The dissertation also presents a framework for developing microscopic emission models. The framework develops emission models by aggregating data using vehicle and operational variables. Specifically, statistical techniques for aggregating vehicles into homogenous categories are utilized as part of the framework. In addition, the framework accounts for temporal lags between vehicle operational variables and vehicle emissions. Finally, the framework is utilized to develop the VT-Micro model version 2.0 utilizing second-by-second chassis dynamometer emission data for a total of 60 light duty vehicles and trucks.
Also, the dissertation introduces a procedure for estimating second-by-second high emitter emissions. This research initially investigates high emitter emission cut-points to verify clear definitions of high emitter vehicles (HEVs) and derives multiplicative factors for newly developed EPA driving cycles. Same model structure with the VT-Micro model is utilized to estimate instantaneous emissions for a total of 36 light duty vehicles and trucks.
Finally, the dissertation develops a microscopic framework for estimating instantaneous vehicle start emissions for LDVs and LDTs. The framework assumes a linear decay in instantaneous start emissions over a 200-second time horizon. The initial vehicle start emission rate is computed based on MOBILE6's soak time function assuming a 200-second decay time interval. The validity of the model was demonstrated using independent trips that involved cold start and hot start impacts with vehicle emissions estimated to within 10 percent of the field data.

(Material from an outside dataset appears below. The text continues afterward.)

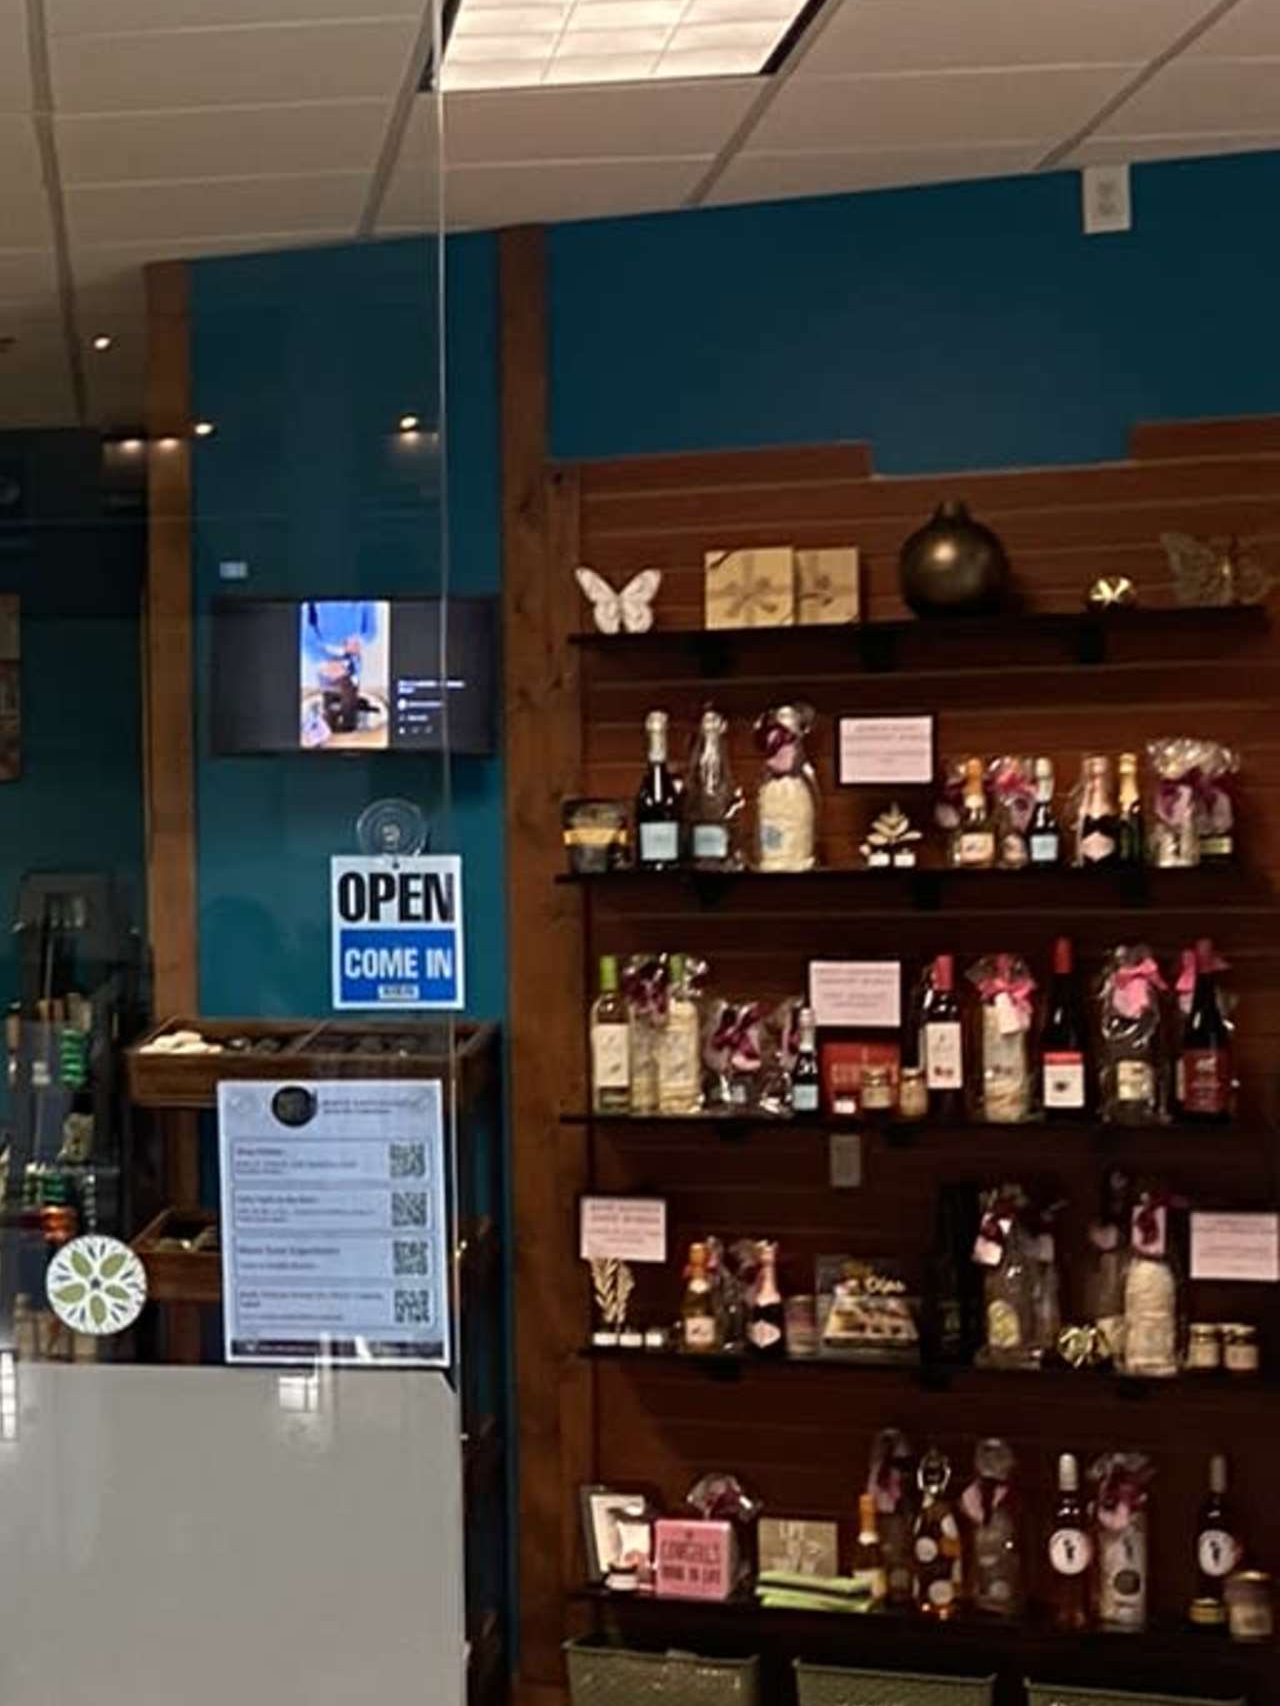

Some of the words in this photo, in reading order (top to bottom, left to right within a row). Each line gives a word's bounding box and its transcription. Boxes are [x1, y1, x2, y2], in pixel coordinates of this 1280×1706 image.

[338, 871, 455, 923] OPEN
[343, 946, 420, 980] COME
[425, 947, 453, 980] IN
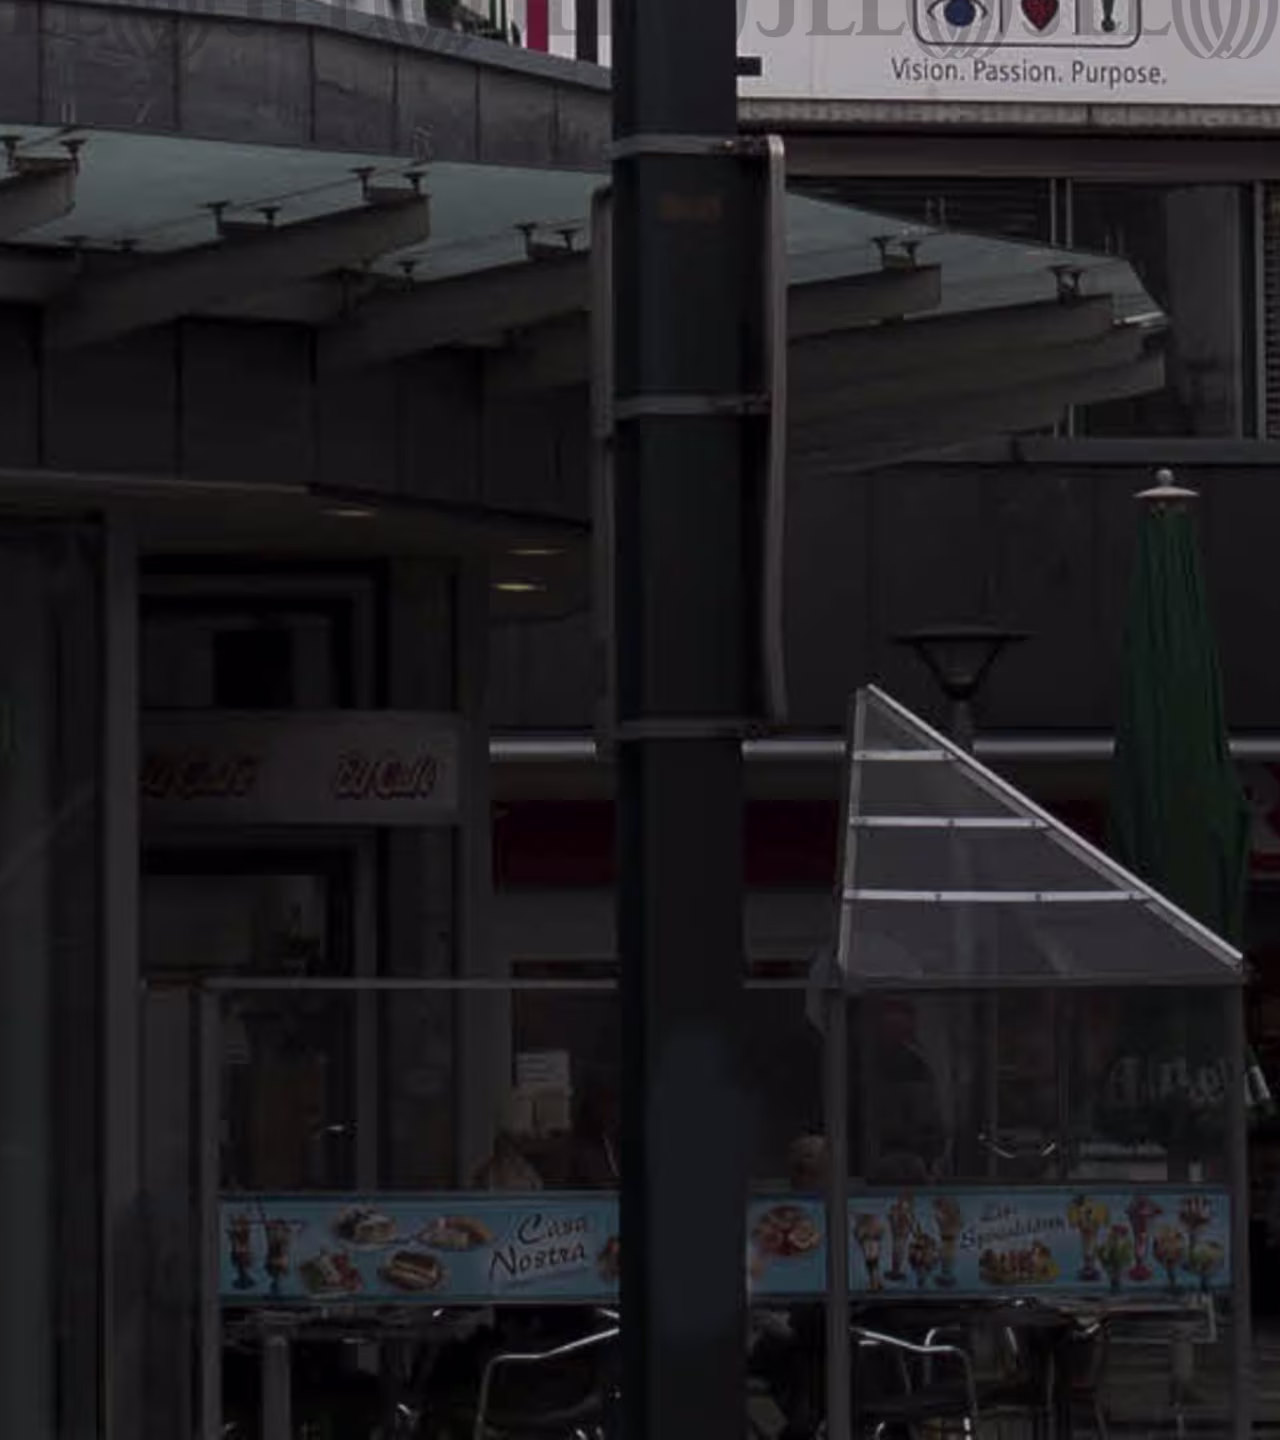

The ultimate expansion of this model is its implementation within a microscopic traffic simulation environment in order to evaluate the environmental impacts of alternative ITS and non-ITS strategies. Also, the model can be applied to estimate vehicle emissions using instantaneous GPS speed measurements. Currently, the VT-Micro model has been implemented in the INTEGRATION software for the environmental assessment of operational-level transportation projects.